─── DATA FOR THE TASK

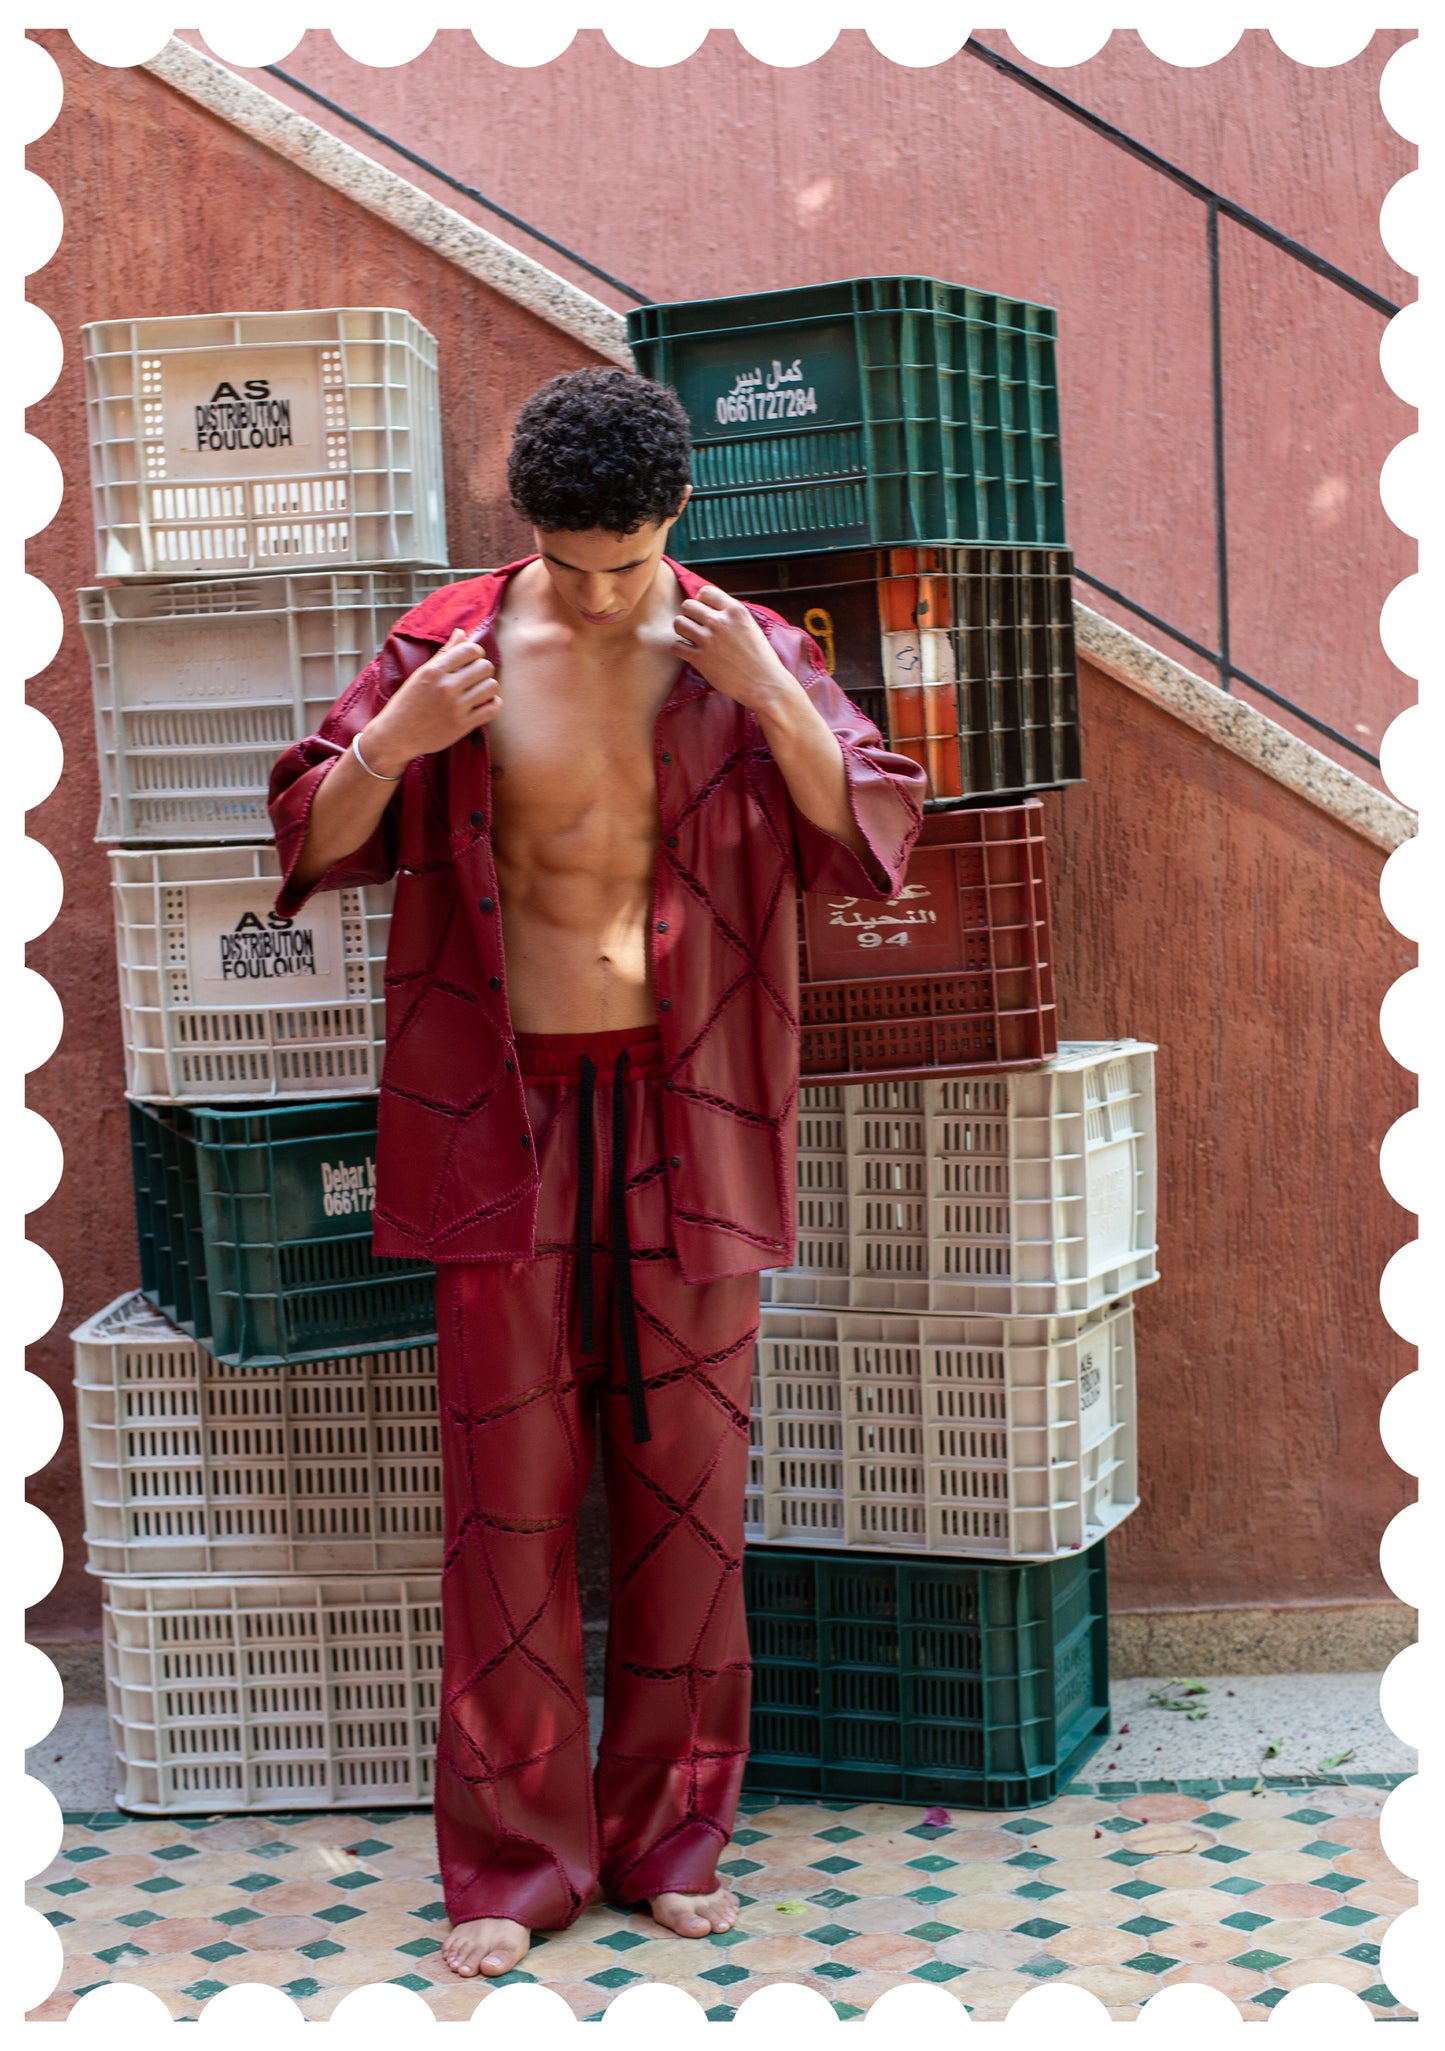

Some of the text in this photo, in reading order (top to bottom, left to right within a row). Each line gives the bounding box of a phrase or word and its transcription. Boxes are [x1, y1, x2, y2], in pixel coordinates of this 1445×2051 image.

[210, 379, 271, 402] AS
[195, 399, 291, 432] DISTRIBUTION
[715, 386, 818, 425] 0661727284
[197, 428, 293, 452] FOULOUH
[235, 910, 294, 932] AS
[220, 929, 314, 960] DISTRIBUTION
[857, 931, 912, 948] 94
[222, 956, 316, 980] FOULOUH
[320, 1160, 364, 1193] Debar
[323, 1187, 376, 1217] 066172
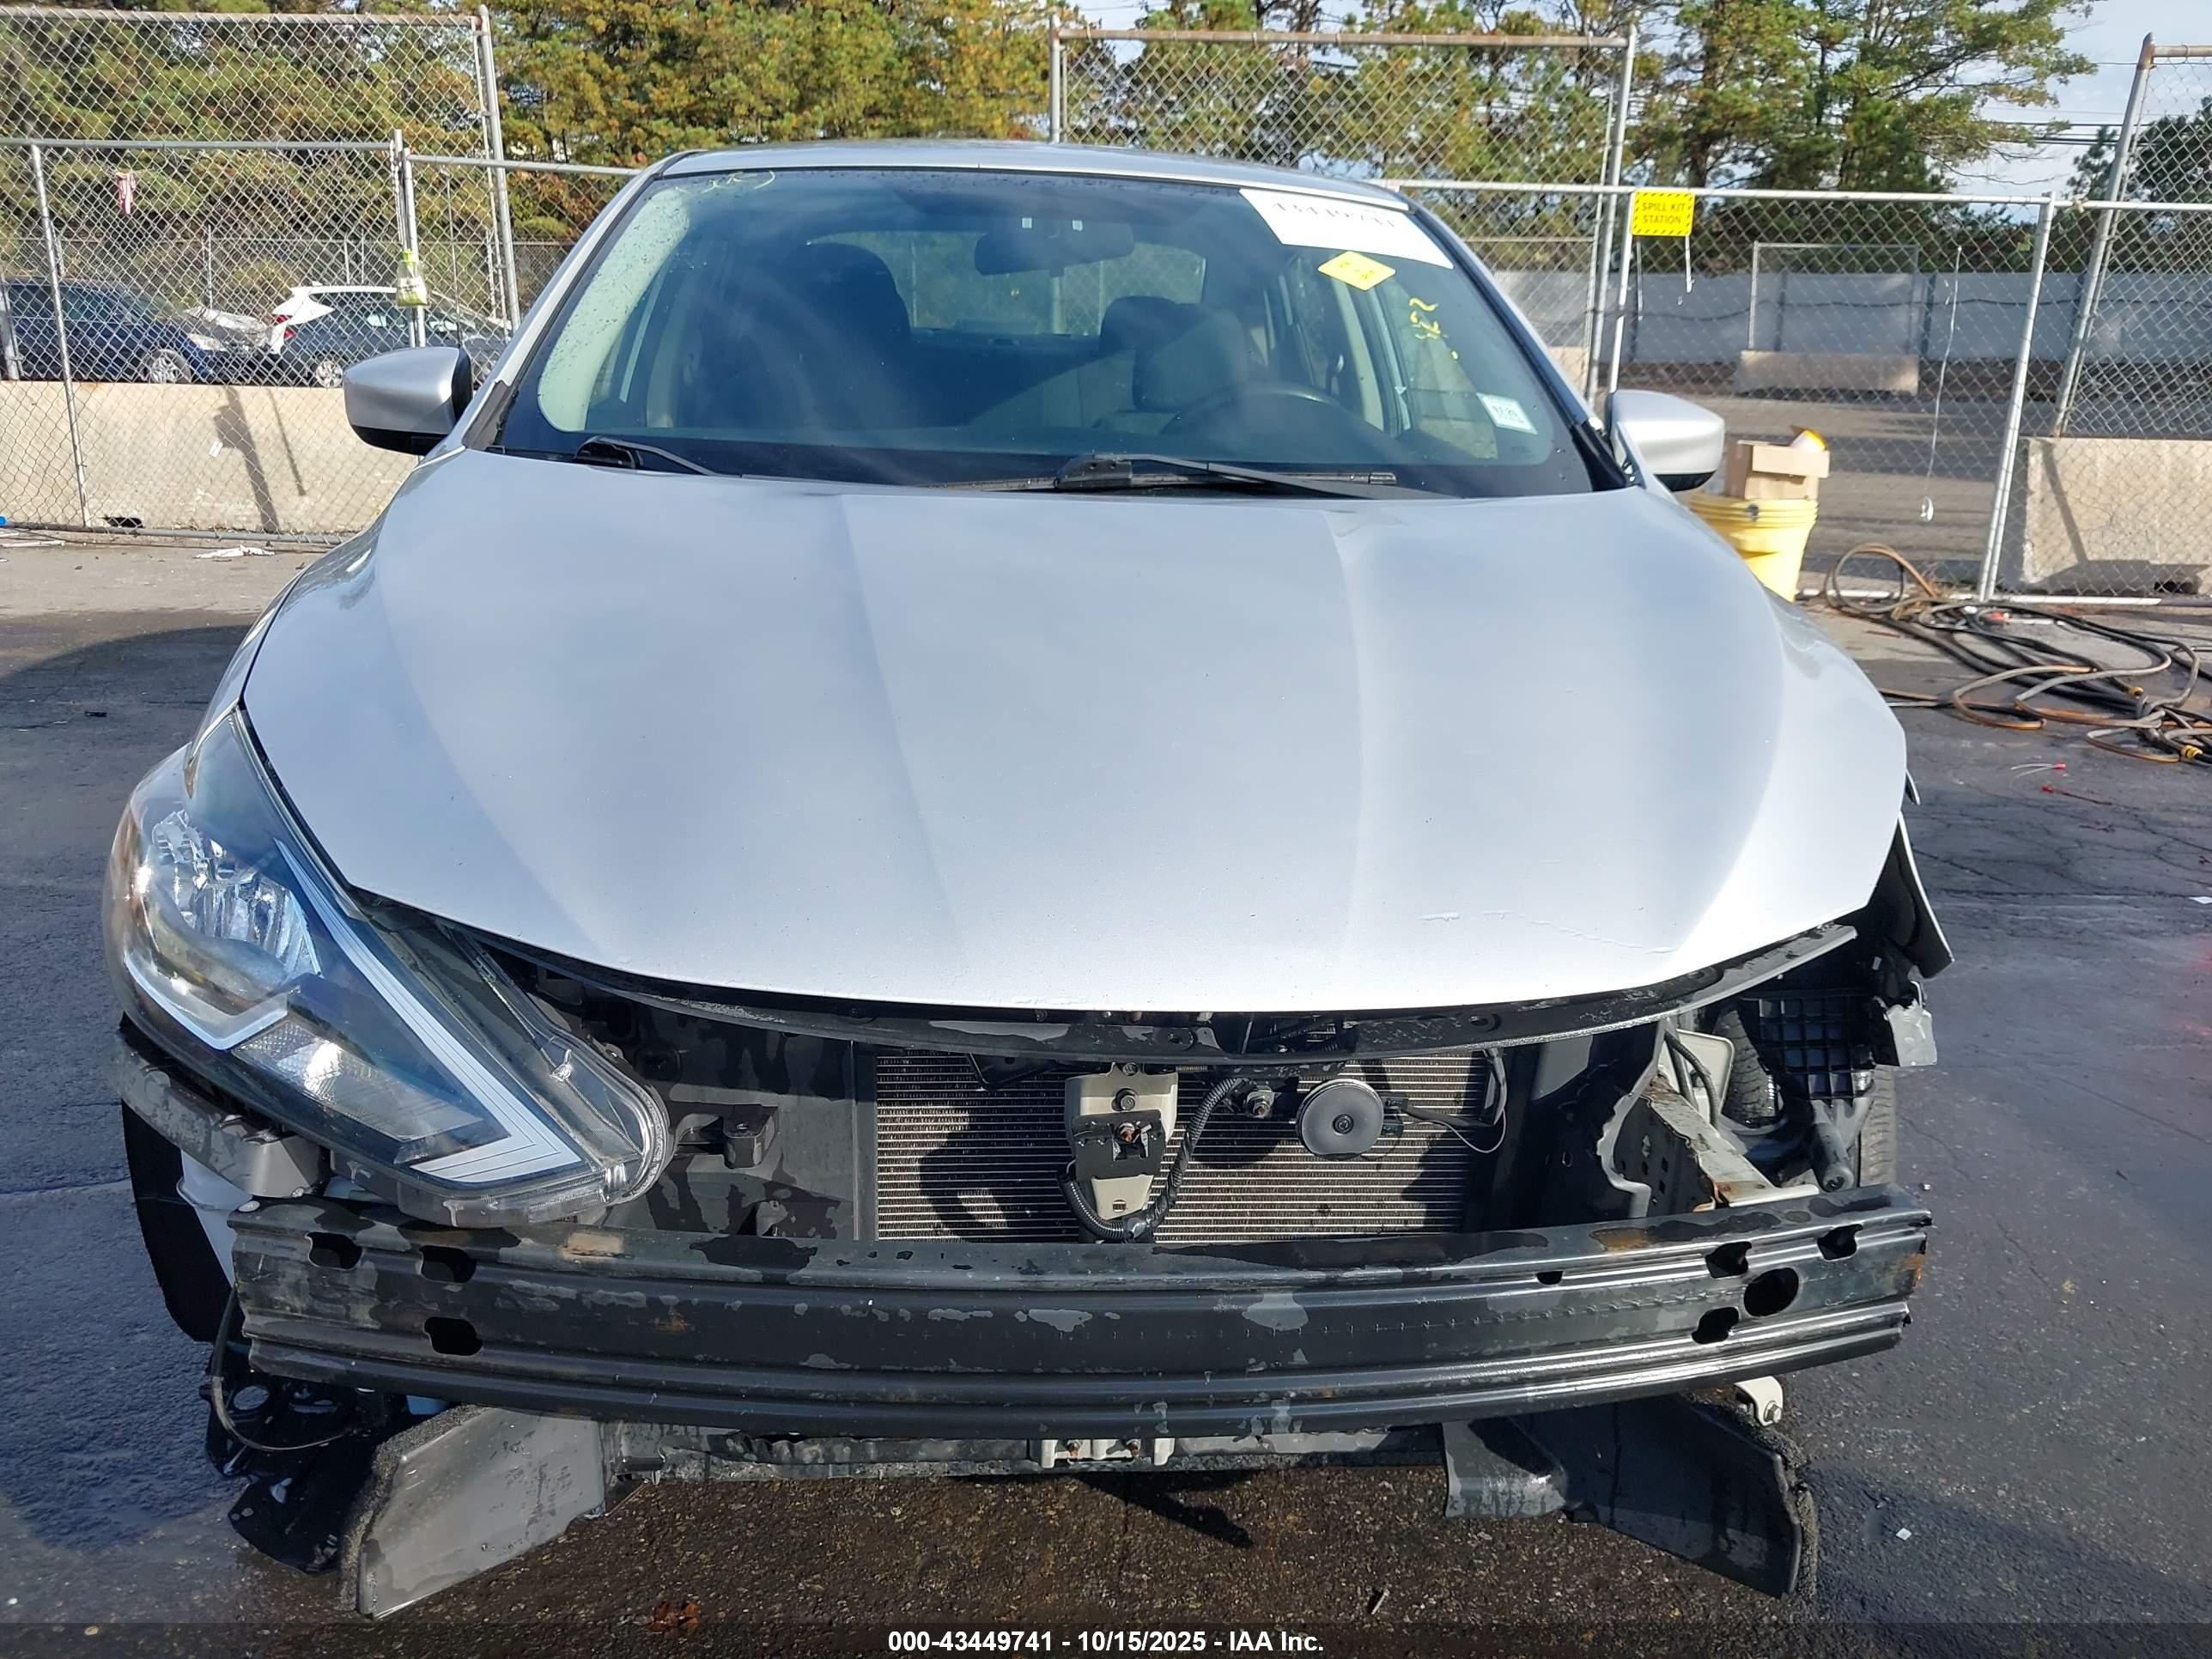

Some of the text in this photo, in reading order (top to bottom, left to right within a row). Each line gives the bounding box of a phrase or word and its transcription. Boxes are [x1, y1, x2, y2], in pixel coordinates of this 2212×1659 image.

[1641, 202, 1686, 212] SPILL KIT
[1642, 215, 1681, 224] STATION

──────

| WHAT THE EXERCISE ASKS |
Verbatim copy with pictures excluded: write out the records above in full.

| RESULT OF THE EXERCISE |
Some of the text in this photo, in reading order (top to bottom, left to right within a row). Each line gives the bounding box of a phrase or word and its transcription. Boxes are [x1, y1, x2, y2], in pixel coordinates of this 1445×2051 image.

[210, 379, 271, 402] AS
[195, 399, 291, 432] DISTRIBUTION
[715, 386, 818, 425] 0661727284
[197, 428, 293, 452] FOULOUH
[235, 910, 294, 932] AS
[220, 929, 314, 960] DISTRIBUTION
[857, 931, 912, 948] 94
[222, 956, 316, 980] FOULOUH
[320, 1160, 364, 1193] Debar
[323, 1187, 376, 1217] 066172

Some of the text in this photo, in reading order (top to bottom, left to right within a row). Each line gives the bounding box of a phrase or word and its transcription. Boxes are [x1, y1, x2, y2], in pixel coordinates of this 2212×1659 image.

[1641, 202, 1686, 212] SPILL KIT
[1642, 215, 1681, 224] STATION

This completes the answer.